What the task asks: Pictures aside, return all of the records exactly as they stand.

Saved data entries:
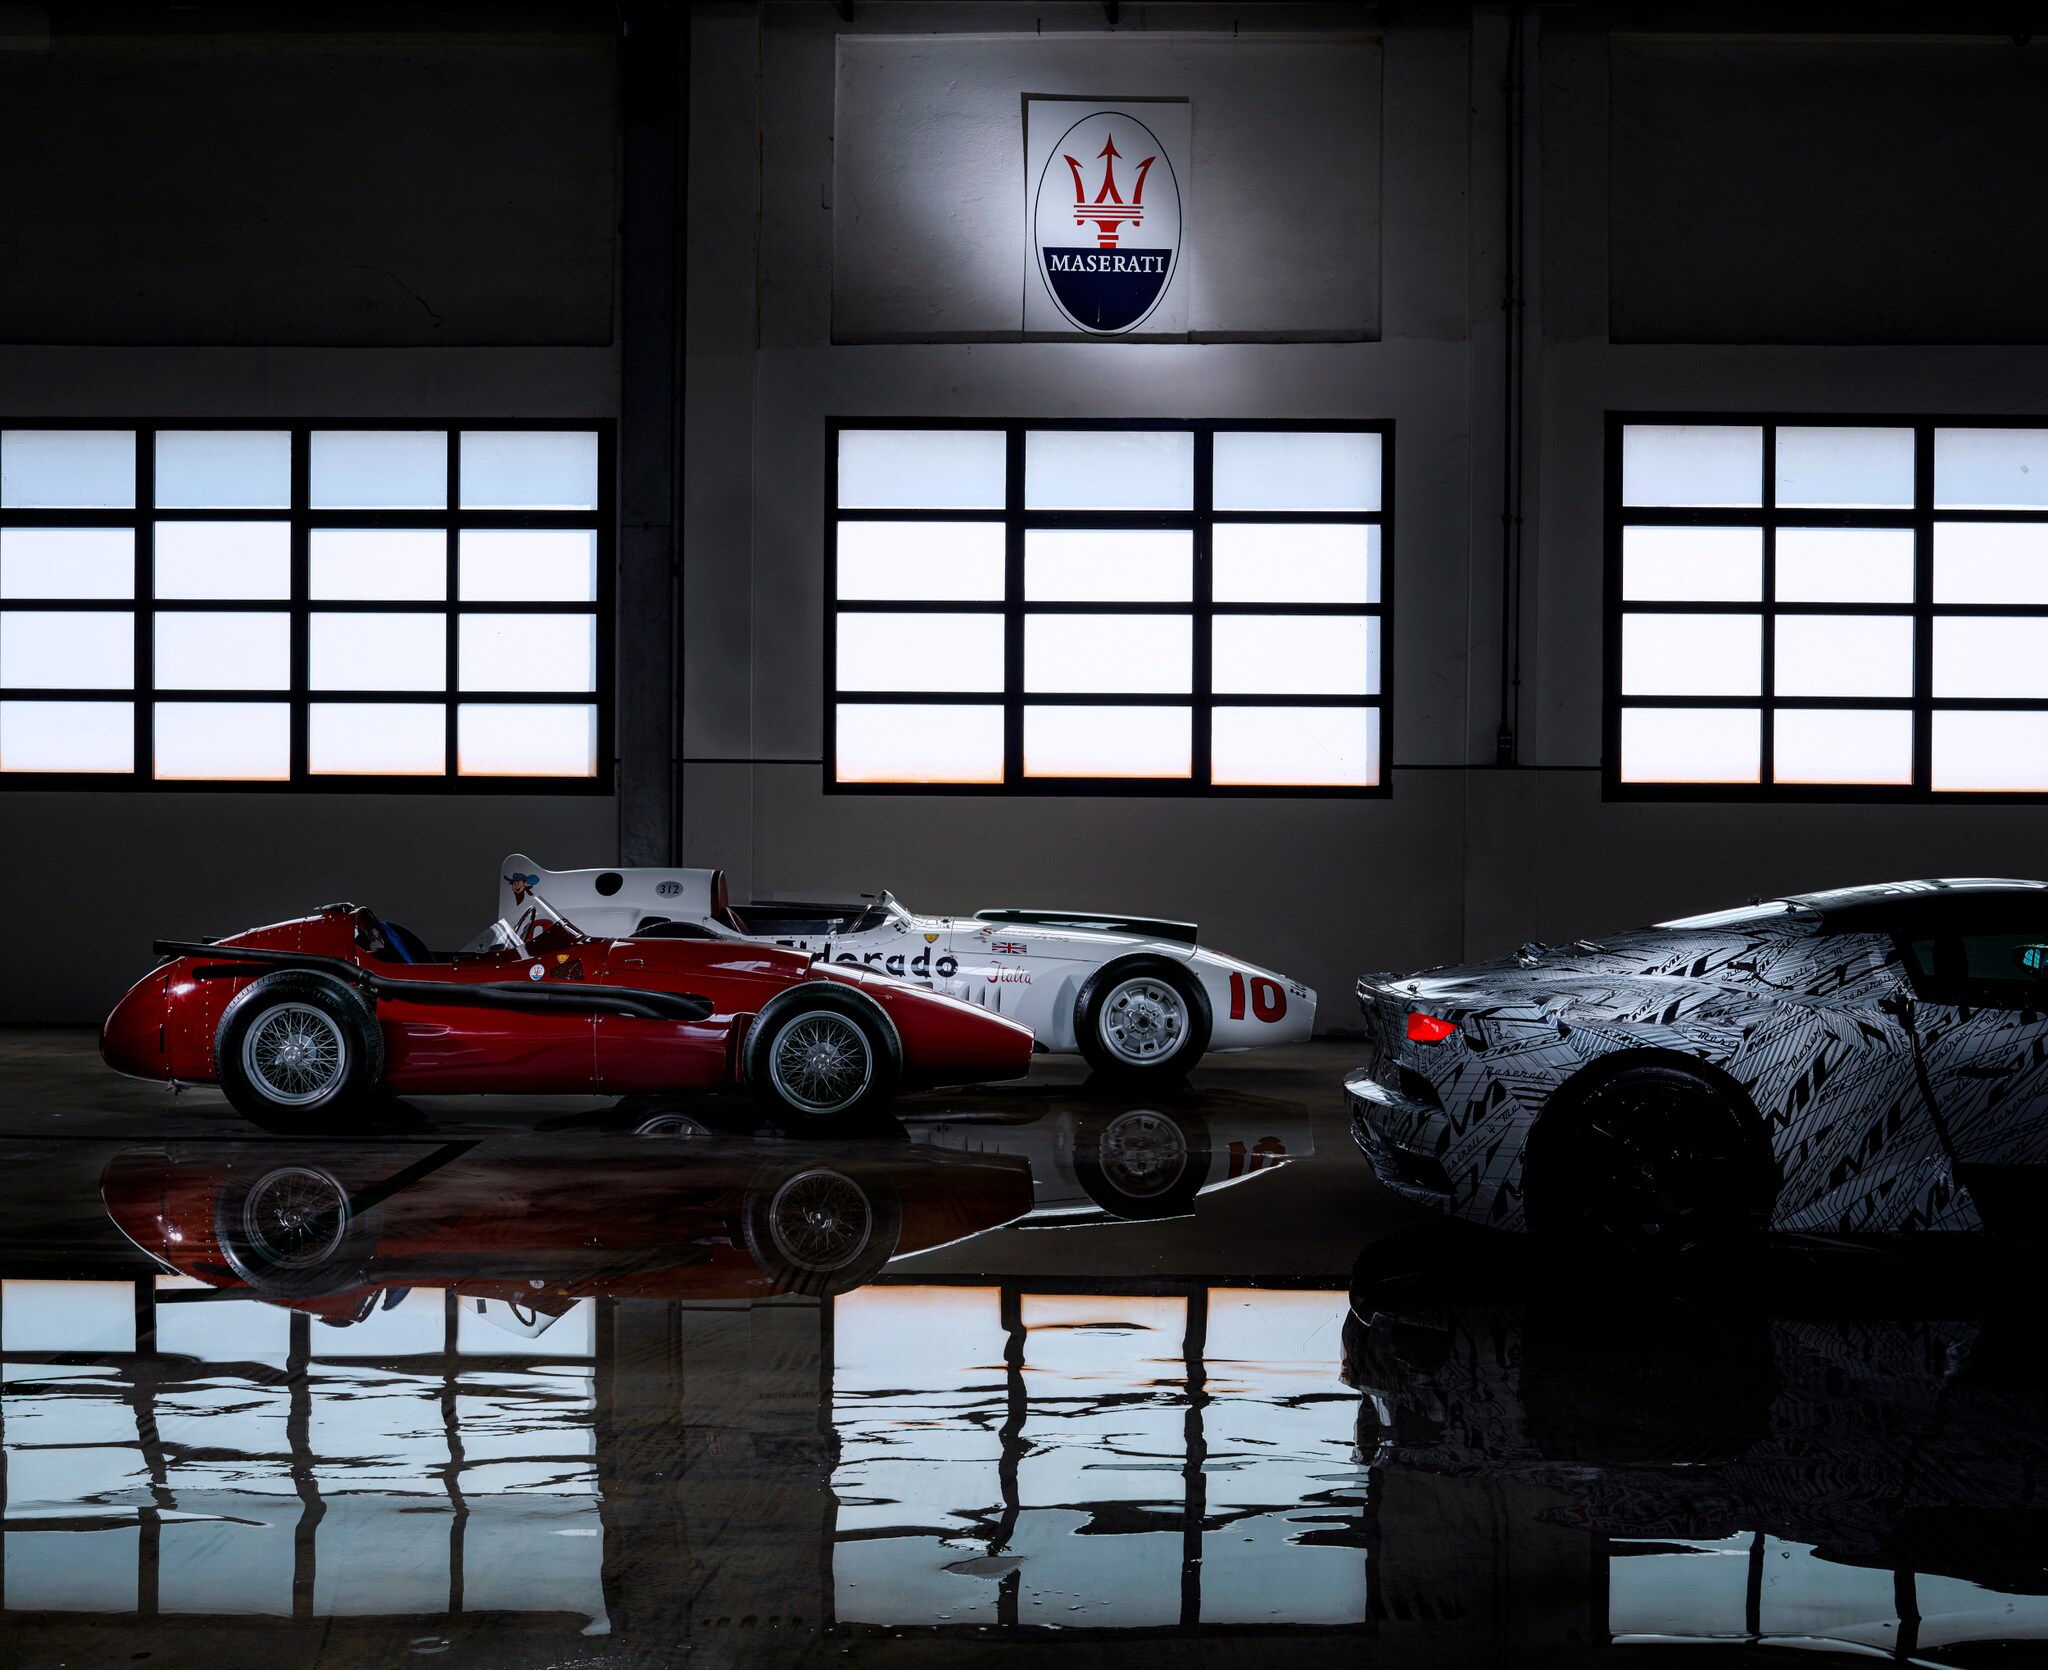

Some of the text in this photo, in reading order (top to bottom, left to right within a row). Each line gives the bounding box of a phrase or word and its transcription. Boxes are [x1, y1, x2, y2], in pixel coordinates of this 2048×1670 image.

[1050, 254, 1164, 273] MASERATI
[659, 884, 679, 894] 312
[986, 960, 1032, 985] Italia
[1229, 971, 1287, 1023] 10
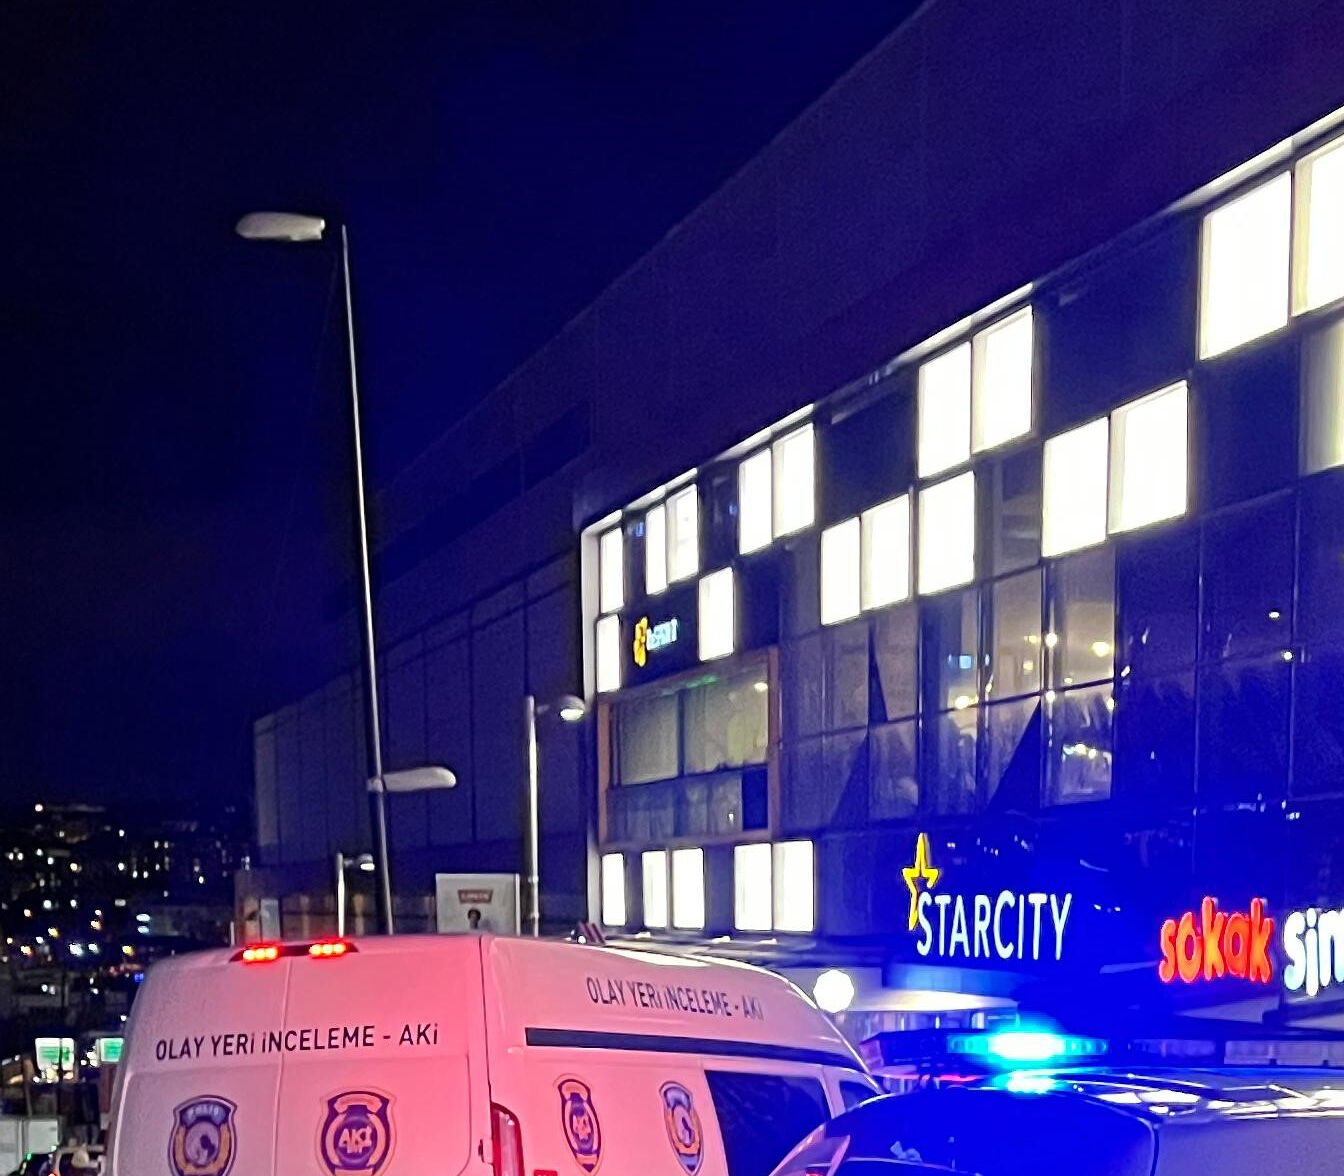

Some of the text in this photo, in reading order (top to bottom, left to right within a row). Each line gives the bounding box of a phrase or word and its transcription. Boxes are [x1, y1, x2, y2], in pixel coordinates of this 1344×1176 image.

[917, 889, 1073, 961] STARCITY
[1159, 896, 1275, 984] sokak
[586, 977, 627, 1007] OLAY
[156, 1035, 205, 1061] OLAY
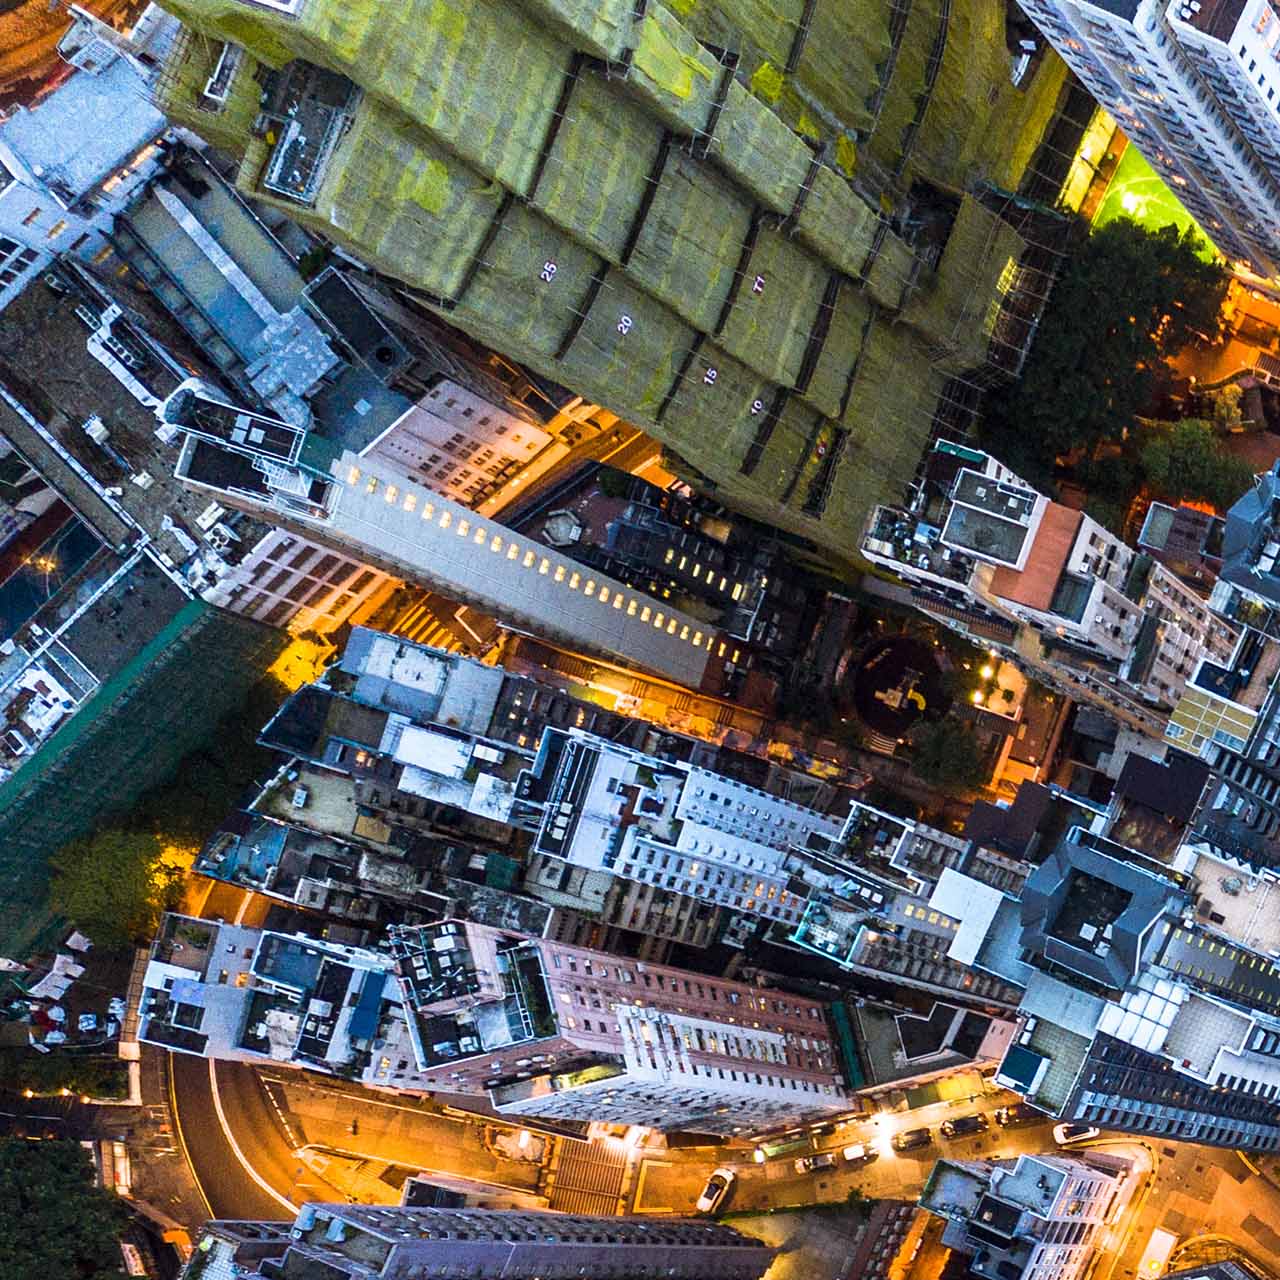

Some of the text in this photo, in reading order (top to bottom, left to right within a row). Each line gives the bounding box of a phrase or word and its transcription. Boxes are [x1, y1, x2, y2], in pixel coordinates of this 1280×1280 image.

[540, 261, 558, 283] 25
[617, 315, 634, 335] 20
[703, 367, 718, 386] 15
[751, 399, 763, 416] 10

Solution to this task:
Some of the text in this photo, in reading order (top to bottom, left to right within a row). Each line gives the bounding box of a phrase or word and its transcription. Boxes are [x1, y1, x2, y2], in pixel coordinates of this 2048×1670 image.

[1050, 254, 1164, 273] MASERATI
[659, 884, 679, 894] 312
[986, 960, 1032, 985] Italia
[1229, 971, 1287, 1023] 10

Some of the text in this photo, in reading order (top to bottom, left to right within a row). Each line gives the bounding box of a phrase or word and its transcription. Boxes are [x1, y1, x2, y2], in pixel coordinates of this 1344×1176 image.

[917, 889, 1073, 961] STARCITY
[1159, 896, 1275, 984] sokak
[586, 977, 627, 1007] OLAY
[156, 1035, 205, 1061] OLAY

Some of the text in this photo, in reading order (top to bottom, left to right within a row). Each line gives the bounding box of a phrase or word and its transcription. Boxes are [x1, y1, x2, y2], in pixel coordinates of this 1280×1280 image.

[540, 261, 558, 283] 25
[617, 315, 634, 335] 20
[703, 367, 718, 386] 15
[751, 399, 763, 416] 10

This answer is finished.